Sunday, August 27, 2017
A few thoughts on white privilege taken from a thread following the posting online of an article on it.
One misconception is that white privilege is reducible to not being totally or even sufficiently empathetic. It is rather, I think, being aware of the advantages that may presumptively accrue to something simply by being white. From that awareness, then, ought come compassion and understanding, a better understanding of one's self and of others. The misconception inverts the consequence and the premise.
There are of course tensions, paradoxes and nuances in the notion that sit with the reality it encapsulates. I couldn't begin here, or really anywhere, to give much of an account of them.
But, for one thing, since class is of such utter magnitude in our lives, that a black woman (say) growing up upper middle class and who had a top shelf university education, who asserts white privilege must realize her own class privilege and, taking it one step further, the privilege inhering in the innate gifts and talents she was born with and what they have enabled her to accomplish.
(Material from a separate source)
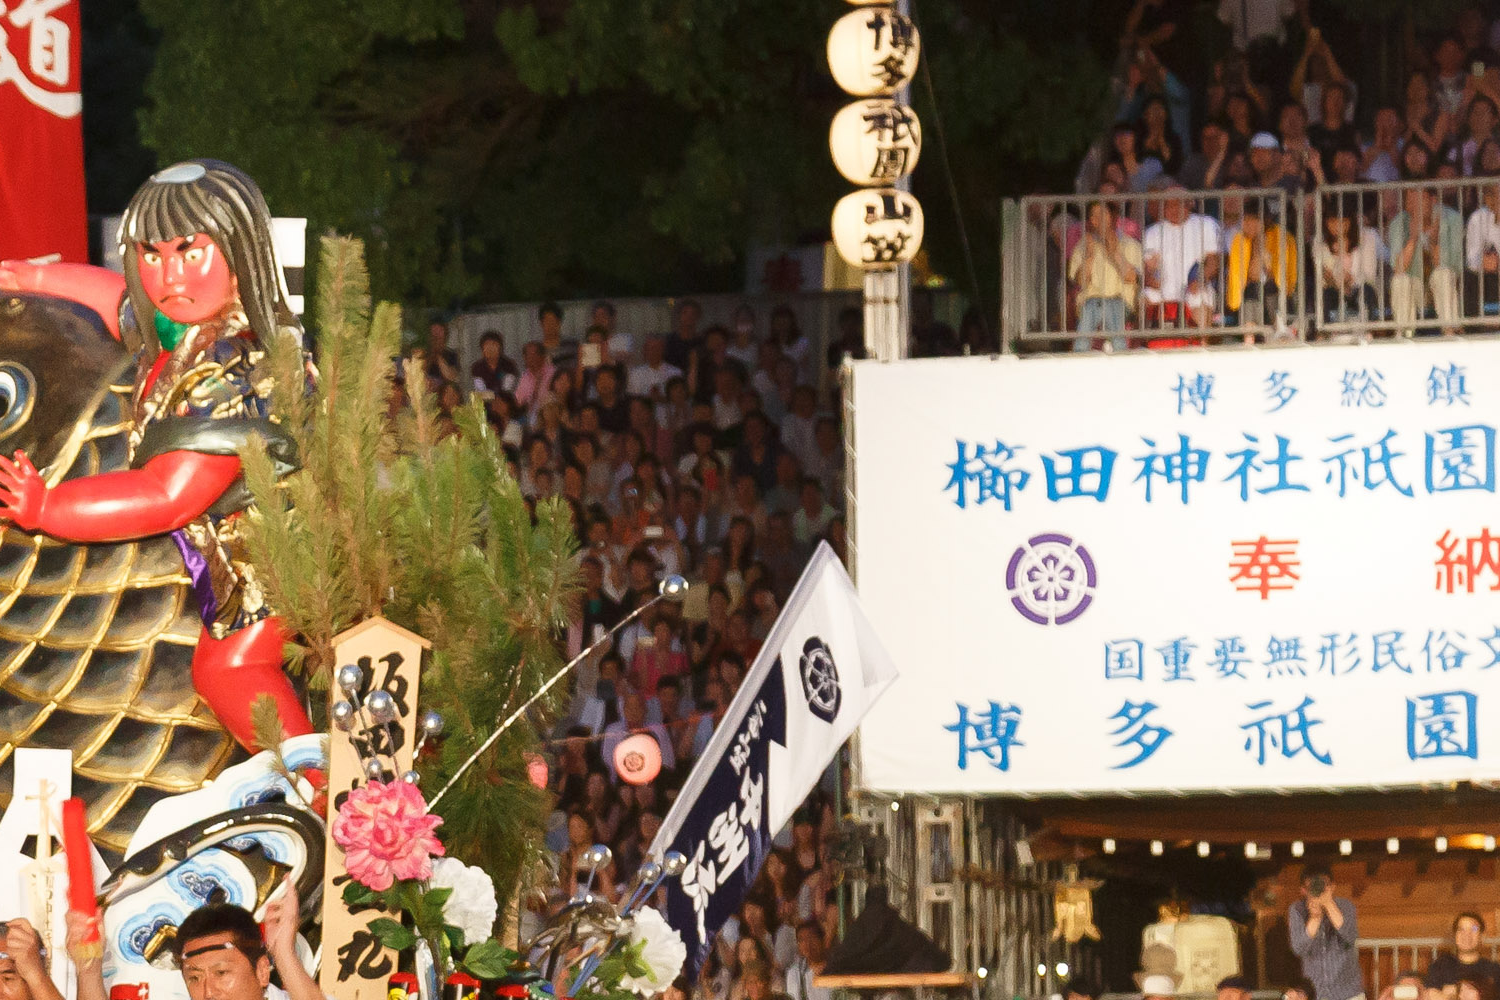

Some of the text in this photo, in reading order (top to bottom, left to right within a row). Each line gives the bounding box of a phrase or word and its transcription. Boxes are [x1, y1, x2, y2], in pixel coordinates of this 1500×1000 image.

[1171, 362, 1473, 415] 博多総鎮
[943, 423, 1497, 512] 櫛田神社祇園
[1229, 526, 1500, 601] 奉納
[943, 689, 1479, 772] 博多祇園
So, a well employed, well paid, socially well ensconced, Ivy League graduate's assertion of white privilege based on a series of insensitive slights and dumb remarks to her sound precious and start to approach grievance mongering.
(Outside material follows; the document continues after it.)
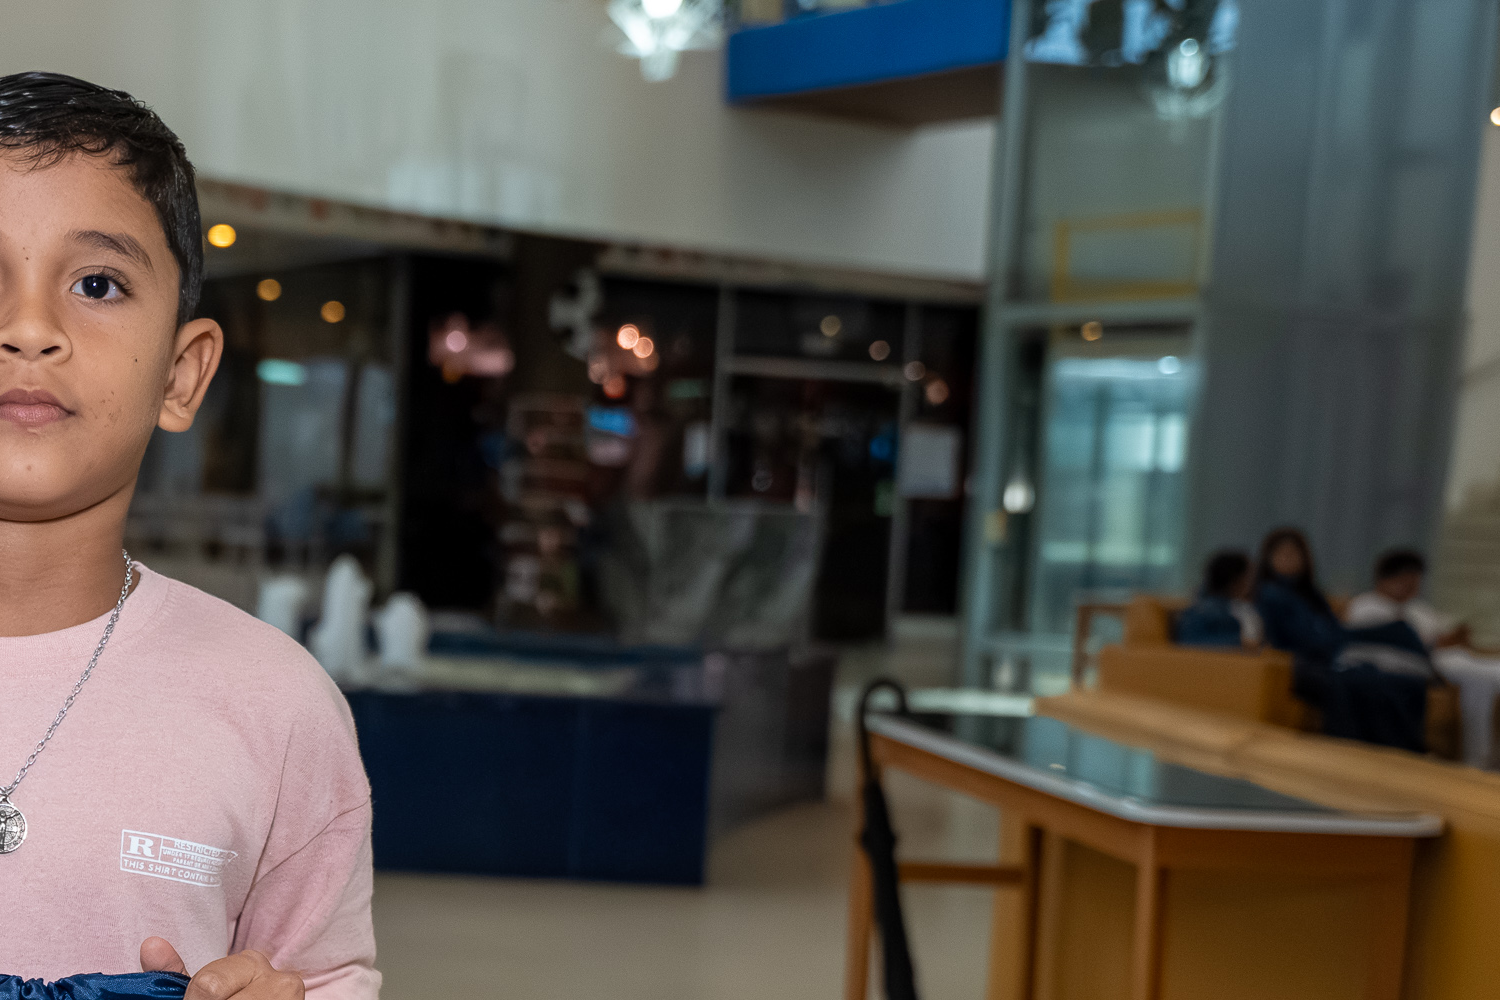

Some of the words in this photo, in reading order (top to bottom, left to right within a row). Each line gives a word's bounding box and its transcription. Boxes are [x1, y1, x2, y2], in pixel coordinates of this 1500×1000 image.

[126, 835, 155, 858] R
[174, 840, 220, 857] RESTRICTED
[123, 859, 145, 871] THIS
[148, 863, 176, 876] SHIRT
The white privileged asserter will as well acknowledge the truism that other groups, white ones too, have suffered, from outright depredations to daily mundane slights, simply by virtue of who they are, and, too, that the insistence on privilege entails the assertion of group victimization, not that that's a wrong assertion, but that it generates a kind of group formation in reaction, which at some point becomes divisively counterproductive. As Glenn Loury says and reported by George Packer:
....I recently spoke with the social scientist Glenn Loury, who teaches at Brown University. As he sees it, if race becomes an irreducible category in politics, rather than being incorporated into universal claims of justice, it’s a weapon that can be picked up and used by anyone. “Better watch out,” he said. “I don’t know how you live by the identity-politics sword and don’t die by it.” Its logic lumps everyone—including soon-to-be-minority whites—into an interest group. One person’s nationalism intensifies tribal feelings in others, in what feels like a zero-sum game. “I really don’t know how you ask white people not to be white in the world we’re creating,” Loury said. “How are there not white interests in a world where there are these other interests?” He continued, “My answer is that we not lose sight of the goal of racially transcendent humanism being the American bedrock. It’s the abandonment of this goal that I’m objecting to.”...
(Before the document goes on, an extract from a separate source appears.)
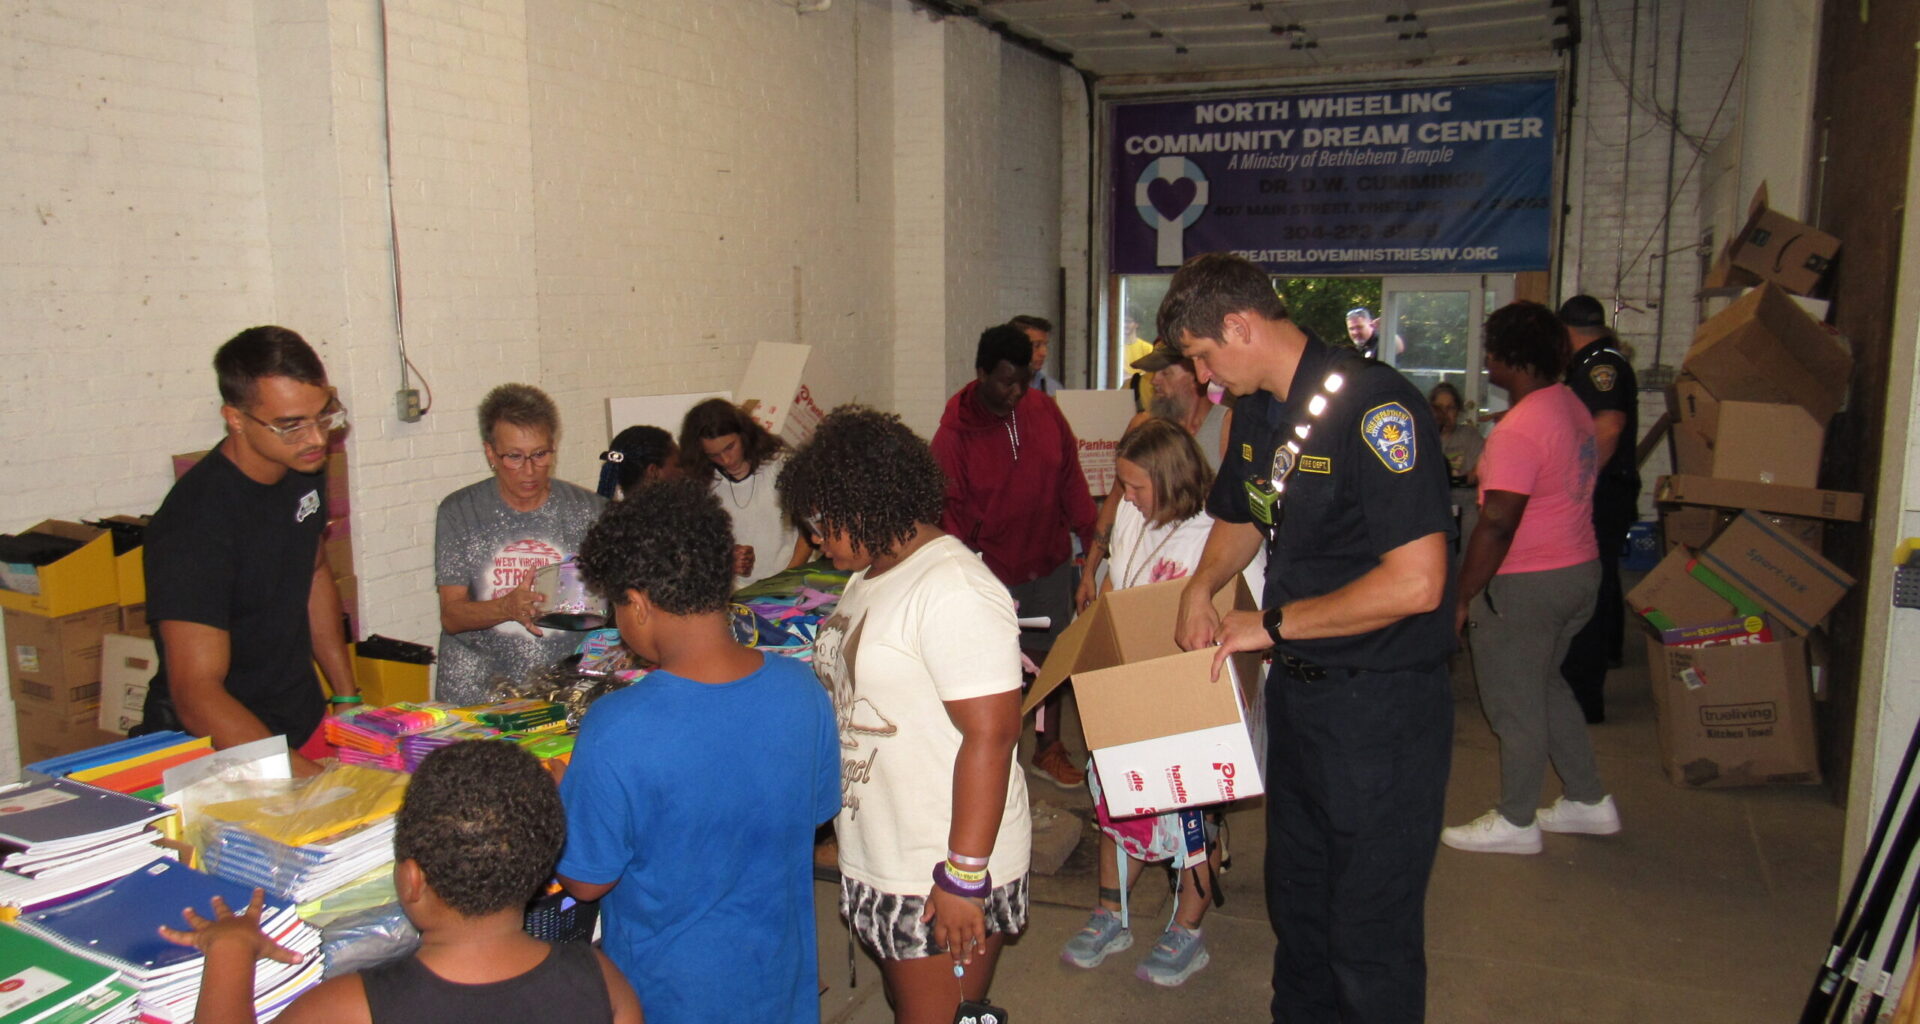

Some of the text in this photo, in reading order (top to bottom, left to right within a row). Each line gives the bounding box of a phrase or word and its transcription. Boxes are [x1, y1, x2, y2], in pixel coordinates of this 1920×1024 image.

The asserter will need to have grappled with the limits on the utility of the notion of privilege--which while to some extent it is to be understood and internalized in dealing with things--is to be understood as well as ineradicable part of human nature as we all have and perforce react to all the differences among us, differences, inequalities, the randomness of life's lottery, our propensities and predispositions genetic and cultural, individual and group born.
Then, too, there is the potential freezing of social relations by the over insistent claim of privilege and its inherent drawing of racial divisions among us. I'm thinking of Mordecai Richler's black humor novel Cocksure, where the protagonist, Mortimer Griffin, in meeting a black woman, Rachel Coleman, is such at pains not to offend her in any conceivable way that he completely stultifies himself--their exchange described as frozen images staring at each other--and winds up offending her in any event, no little in part because in her view simply being white, "ofay," makes it impossible for him to understand her.